Later, Cecily told me the story of what had happened. When she arrived at Cathy’s house to pick her up, Cathy, in full view of Sam, actually did a dance and celebrated with a sing-song, “I’m gonna get laid, I’m gonna get laid!” When Sam got up and left the room in tears, Cathy flew into a rage about how manipulative he was. Once they arrived at the beach, Cathy planted herself on her towel, legs spread to display her “crown”.
“Jen,” Cecily told me, her eyes wide, “Lucas said it looked like she had a red squirrel trapped in her bathing suit.” There was no doubt that he was not interested.
Cathy spent the day making suggestive comments, trying to lure Lucas off alone, and always sat with her legs spread to expose herself to him. He was intensely uncomfortable and eventually left, despite Cathy pouting and trying to use her feminine wiles to get him to stay. After he left, she sat alone, sullen. She spent the night at Cecily’s house. When they left the next day, their route took them past Lucas’s house.
“Stop the car!” Cathy screamed. “Turn around! I have something I want to say to him!” When Cecily refused, Cathy shouted, “No! You are going to take me back there. Nobody turns this down!”
Cecily did not comply, and Cathy spent the rest of the ride fuming about Lucas’s rejection.
A few days later, Cathy called me to tell me her version of the story. Lucas, she informed me, was a really sweet kid, but he came on too strong. “He wouldn’t stop touching me or looking at me. It made me really uncomfortable, but Cecily wouldn’t leave, so I had to just put up with it. Honestly, I felt harassed.” She’d made it clear that she wasn’t interested in sex with him, she claimed, and now she was worried about ever being alone with him.
She went on to describe Sam’s “emotional manipulation” and how trapped she felt by him. She admitted to the premature celebration of her potential lay but insisted that Sam was trying to control her by reacting to it.

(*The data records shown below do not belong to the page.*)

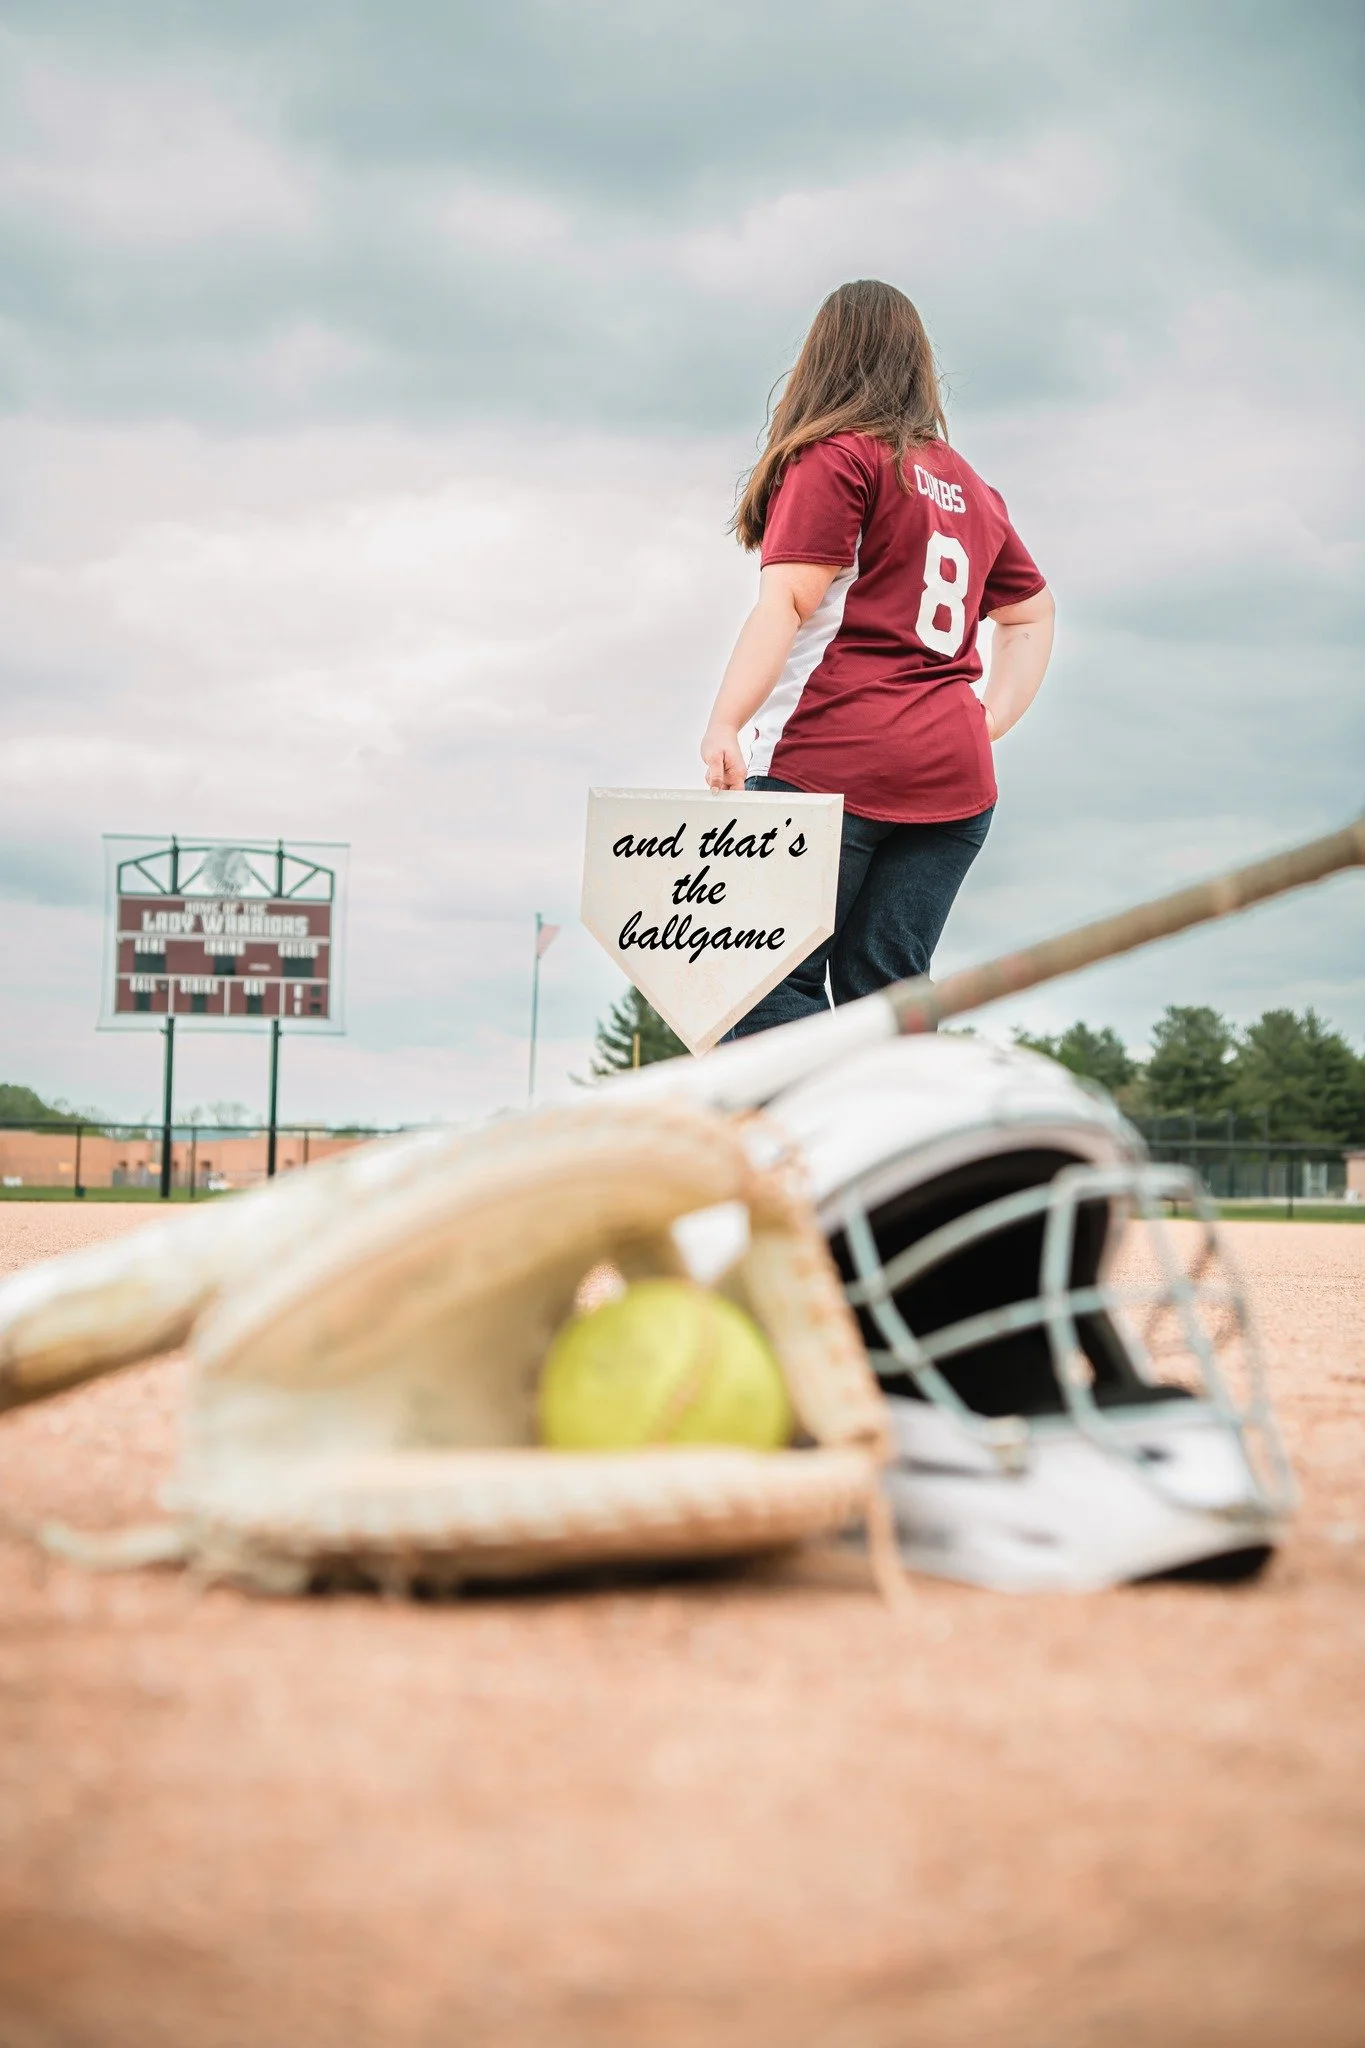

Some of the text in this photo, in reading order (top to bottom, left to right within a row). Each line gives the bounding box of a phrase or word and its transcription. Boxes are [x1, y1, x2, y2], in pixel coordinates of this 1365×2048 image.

[913, 464, 967, 514] COMBS
[915, 530, 970, 658] 8
[612, 817, 808, 858] and that's
[671, 865, 727, 905] the
[142, 910, 309, 937] LADY WARRIORS
[618, 910, 786, 964] ballgame

“Okay, but…imagine how he felt,” I said, knowing I risked the wrath of Cathy by even bringing it up. “His wife just left him a few days ago, and then she’s dancing in front of him bragging about getting laid. You can’t see how that was maybe a little bit hurtful?”

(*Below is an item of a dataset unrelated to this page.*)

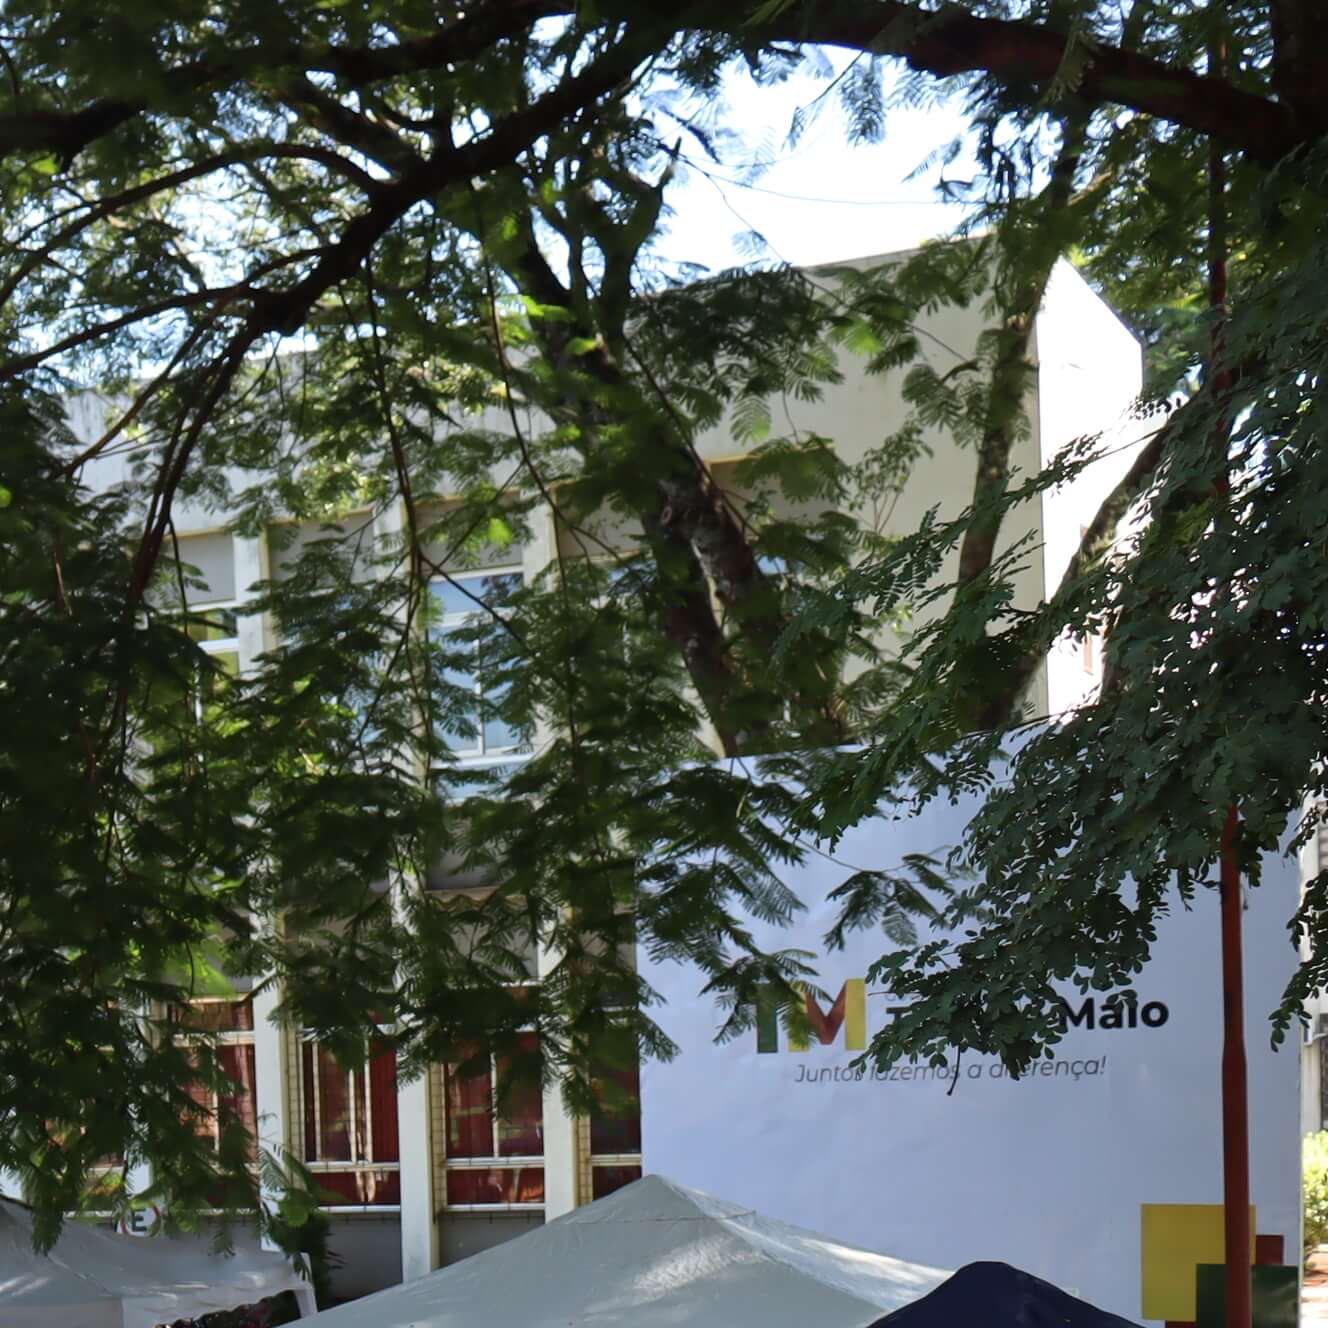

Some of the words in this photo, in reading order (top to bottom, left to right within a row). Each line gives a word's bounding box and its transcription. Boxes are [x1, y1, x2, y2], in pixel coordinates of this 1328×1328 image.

[1061, 996, 1169, 1029] Maio
[968, 1064, 983, 1079] a
[989, 1056, 1106, 1080] dierença!
[132, 1207, 147, 1232] E

To my surprise, she admitted that perhaps that had been insensitive. We finished our conversation and hung up.
About ten minutes later, I checked my email and found one from Cathy. There was no subject line, but it had been sent after our call. It was an all caps ramble about how every other one of her friends agreed that I was unsupportive and toxic for taking Sam’s side. That I was jealous of her successful writing career. That I was jealous of her body and unhappy that guys weren’t attracted to me because of my weight. “SAM IS AN ASSHOLE AND HE IS RIGHT ABOUT NOTHING!!!!!!!!” she wrote, and ended by telling me that if I was going to continue to be so harmful to her mental health, she would kill herself.
In a sick twist, as I was reading this email aloud to a disbelieving friend, my phone rang. One of my cousins, who suffered from bipolar disorder, had died by suicide, leaving behind two little boys. I hung up, shaking and numb, and the phone rang again.
It was Cathy.
“Hi…” she said, drawing the word out in syrupy mock apology. “Have you checked your email yet?”

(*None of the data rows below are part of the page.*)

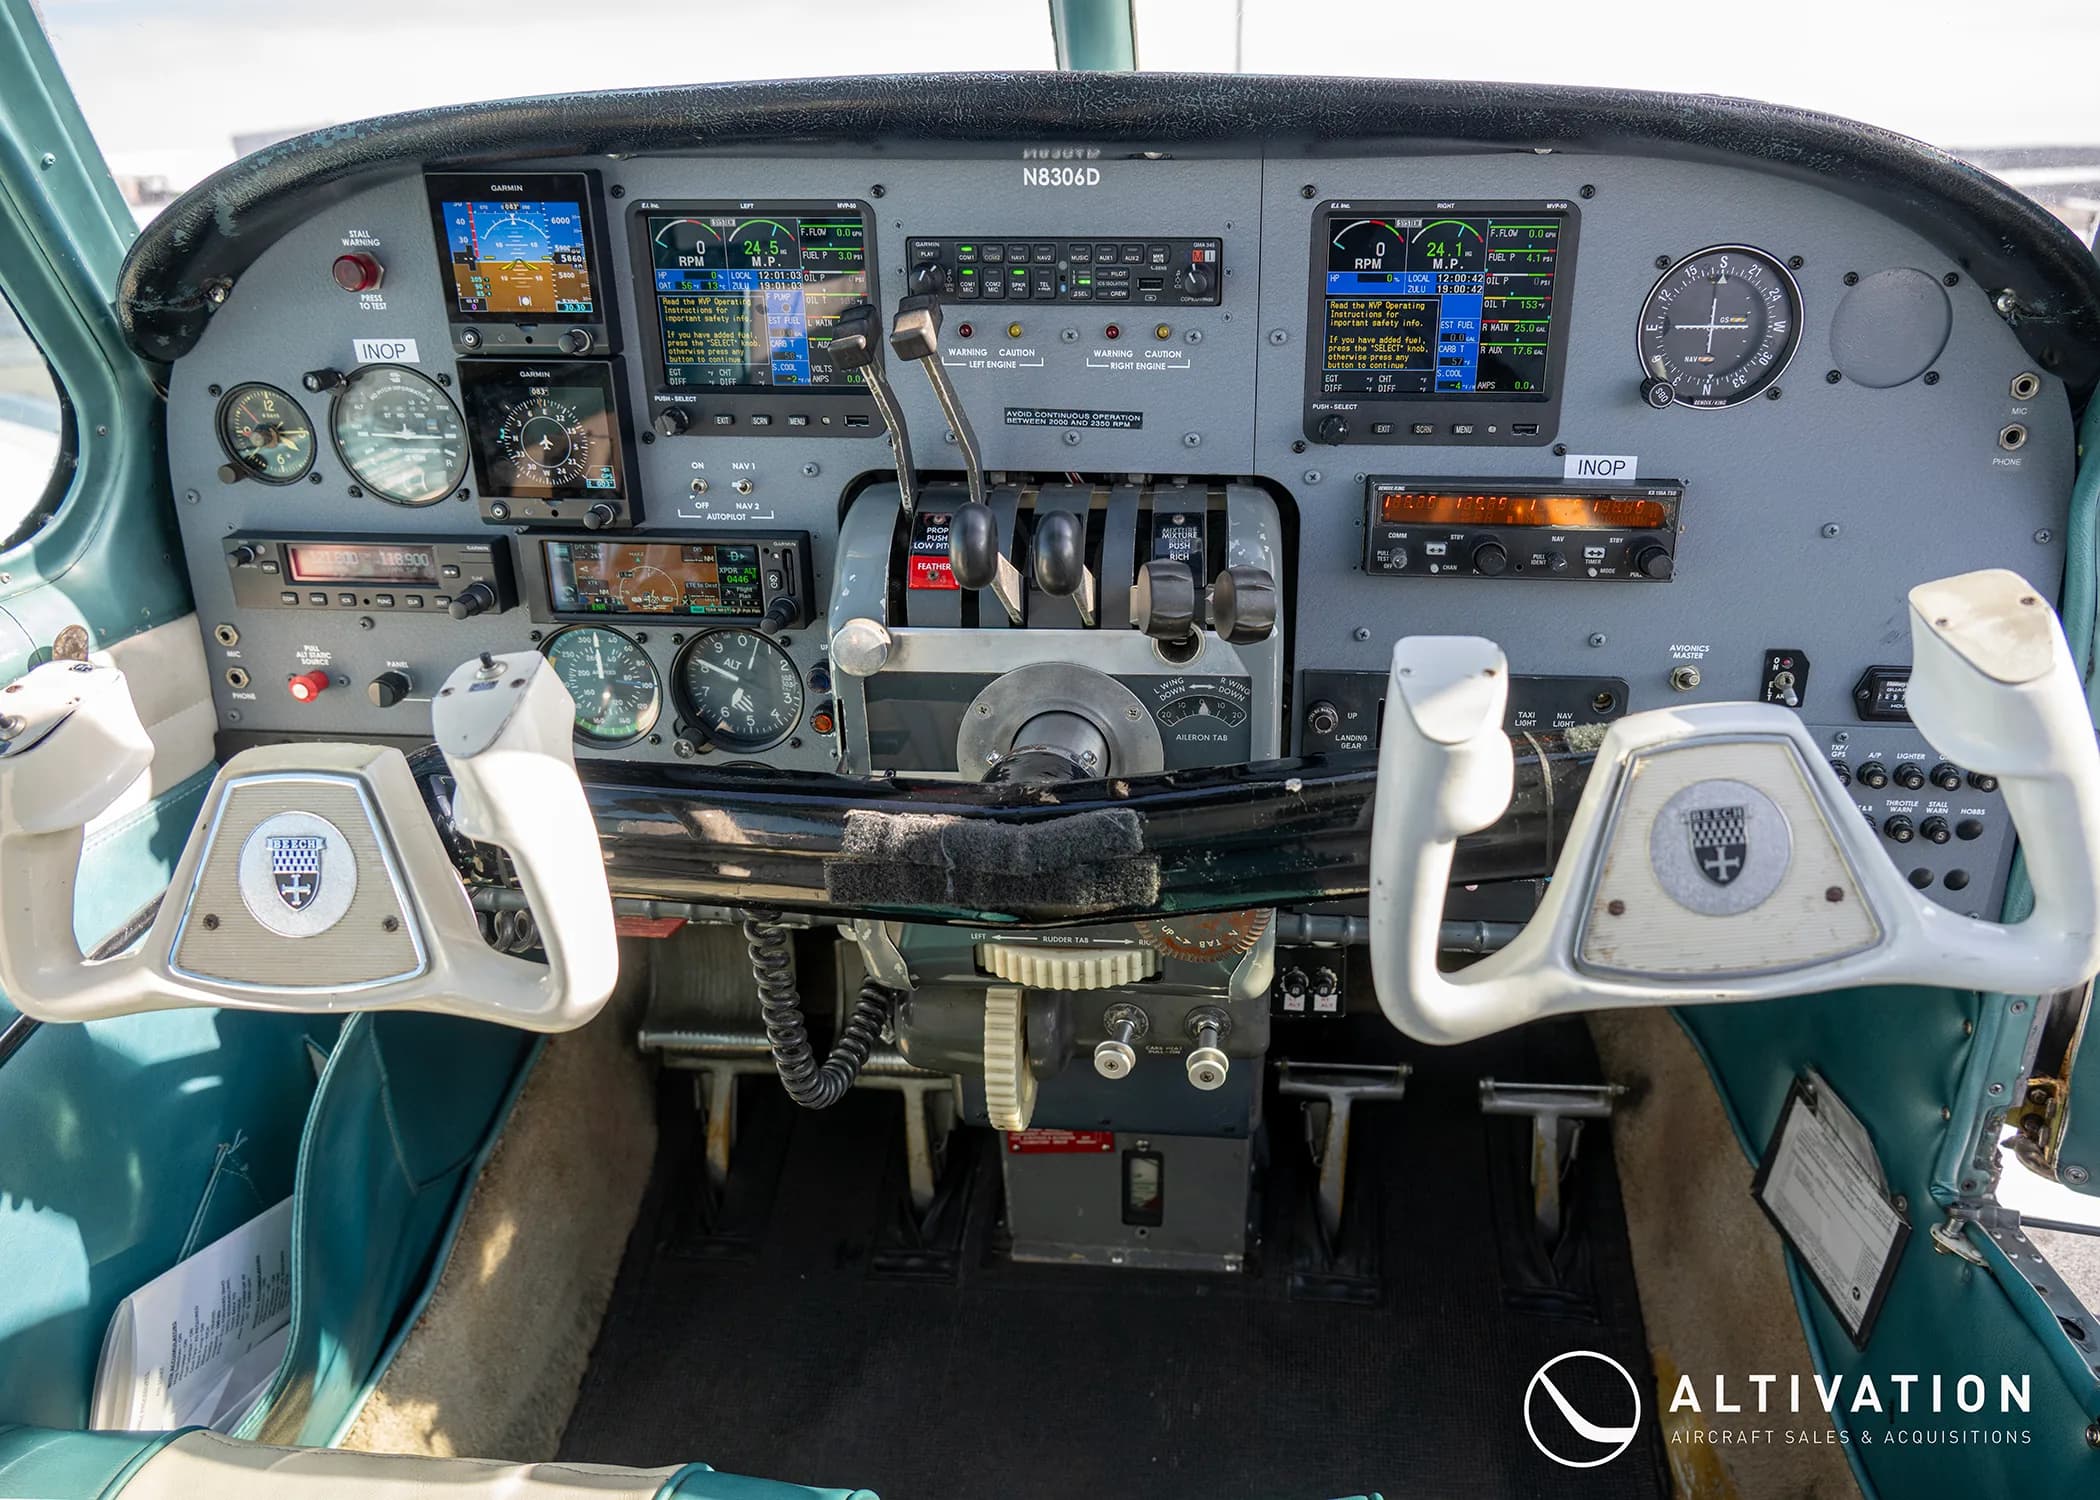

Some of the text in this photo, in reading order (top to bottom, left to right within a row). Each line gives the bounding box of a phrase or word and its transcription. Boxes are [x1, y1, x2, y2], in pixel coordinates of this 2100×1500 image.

[1023, 168, 1100, 186] N8306D
[490, 184, 523, 192] GARMIN
[348, 230, 370, 238] STALL
[1490, 228, 1544, 238] F.FLOW 0.0
[341, 238, 381, 247] WARNING
[743, 241, 779, 255] 24.5
[1427, 242, 1462, 257] 24.1
[679, 255, 704, 267] RPM
[752, 256, 782, 267] M.P.
[1354, 258, 1382, 270] RPM
[1432, 259, 1464, 270] M.P.
[1684, 264, 1697, 278] 15
[1748, 264, 1762, 277] 21
[1408, 274, 1484, 283] LOCAL 12:00:42
[1407, 285, 1483, 294] ZULU 19:00:42
[361, 294, 383, 302] PRESS
[1658, 289, 1672, 302] 12
[1768, 288, 1782, 301] 24
[359, 302, 387, 310] TO TEST
[1330, 301, 1425, 311] Read the MVP Operating
[1330, 310, 1399, 318] Instructions for
[1330, 319, 1424, 328] important safety info.
[1329, 336, 1339, 344] If
[1341, 337, 1356, 345] you
[1358, 336, 1377, 344] have
[1379, 336, 1403, 344] added
[362, 343, 406, 360] INOP
[948, 349, 988, 357] WARNING
[999, 349, 1035, 357] CAUTION
[1093, 350, 1133, 358] WARNING
[1144, 350, 1182, 358] CAUTION
[1327, 353, 1410, 363] otherwise press any
[1758, 352, 1773, 366] 30
[969, 360, 1017, 369] LEFT ENGINE
[1110, 362, 1166, 370] RIGHT ENGINE
[1477, 381, 1530, 390] AMPS 0.0
[1654, 387, 1668, 402] OBS
[263, 400, 275, 412] 12
[1006, 410, 1141, 422] AVOID CONTINUOUS OPERATION
[1048, 418, 1067, 426] 2000
[1377, 425, 1391, 433] EXIT
[1415, 425, 1433, 434] SCRN
[1455, 425, 1473, 434] MENU
[691, 462, 704, 470] ON
[732, 462, 756, 470] NAV 1
[1578, 459, 1626, 476] INOP
[736, 502, 760, 510] NAV 2
[707, 513, 746, 521] AUTOPILOT
[1168, 542, 1191, 550] PUSH
[1169, 553, 1189, 561] RICH
[727, 575, 749, 584] 0446
[1669, 644, 1710, 653] AVIONICS
[309, 652, 332, 660] STATIC
[1672, 651, 1704, 659] MASTER
[301, 658, 329, 666] SOURCE
[723, 659, 742, 670] ALT
[232, 692, 256, 700] PHONE
[1159, 687, 1186, 701] DOWN
[1218, 686, 1246, 702] DOWN
[1177, 701, 1186, 709] 10
[1217, 702, 1226, 710] 10
[1161, 711, 1172, 719] 20
[1232, 711, 1242, 719] 20
[1557, 712, 1573, 720] NAV
[1553, 720, 1575, 728] LIGHT
[1175, 733, 1228, 742] AILERON TAB
[1335, 734, 1368, 742] LANDING
[1341, 742, 1362, 750] GEAR
[1690, 807, 1744, 821] BEECH
[272, 838, 317, 850] BEECH
[1042, 935, 1089, 944] RUDDER TAB

“Yes,” I said, my voice stony.
All she said was, “Oh.” Then, dead silence. I waited. She started talking again. “I’m sorry about what I said. But you need to be aware of how your words–”
“Shut up!” I screamed at her, my knuckles white around the receiver. “I just found out that a family member actually killed herself and I don’t have time for you!”
The next day, one of her friends called me, furious. “Where the fuck do you get off telling Cathy to kill herself?” I didn’t, I stammered. She continued to rage at me that Cathy had attempted suicide after I hung up on her the day before and that I’d told her, “Shut up! Go actually kill yourself, because I don’t have time for you.” I explained what had really happened and told her another person had been present at the time of the call and could corroborate the story. I offered to send them the email Cathy had sent me. They backed down somewhat and admitted that Cathy’s “suicide attempt” had been comprised of holding a pillow over her own face. “That should tell you how much she wanted to die,” I snapped. What Cathy had told this friend about the demise of her relationship was far different than what had really happened. Sam had been physically abusive, often slapping her or pushing her into walls, and that’s why she desperately needed to escape. She had been looking for a roommate and felt hopeless like there was no way out.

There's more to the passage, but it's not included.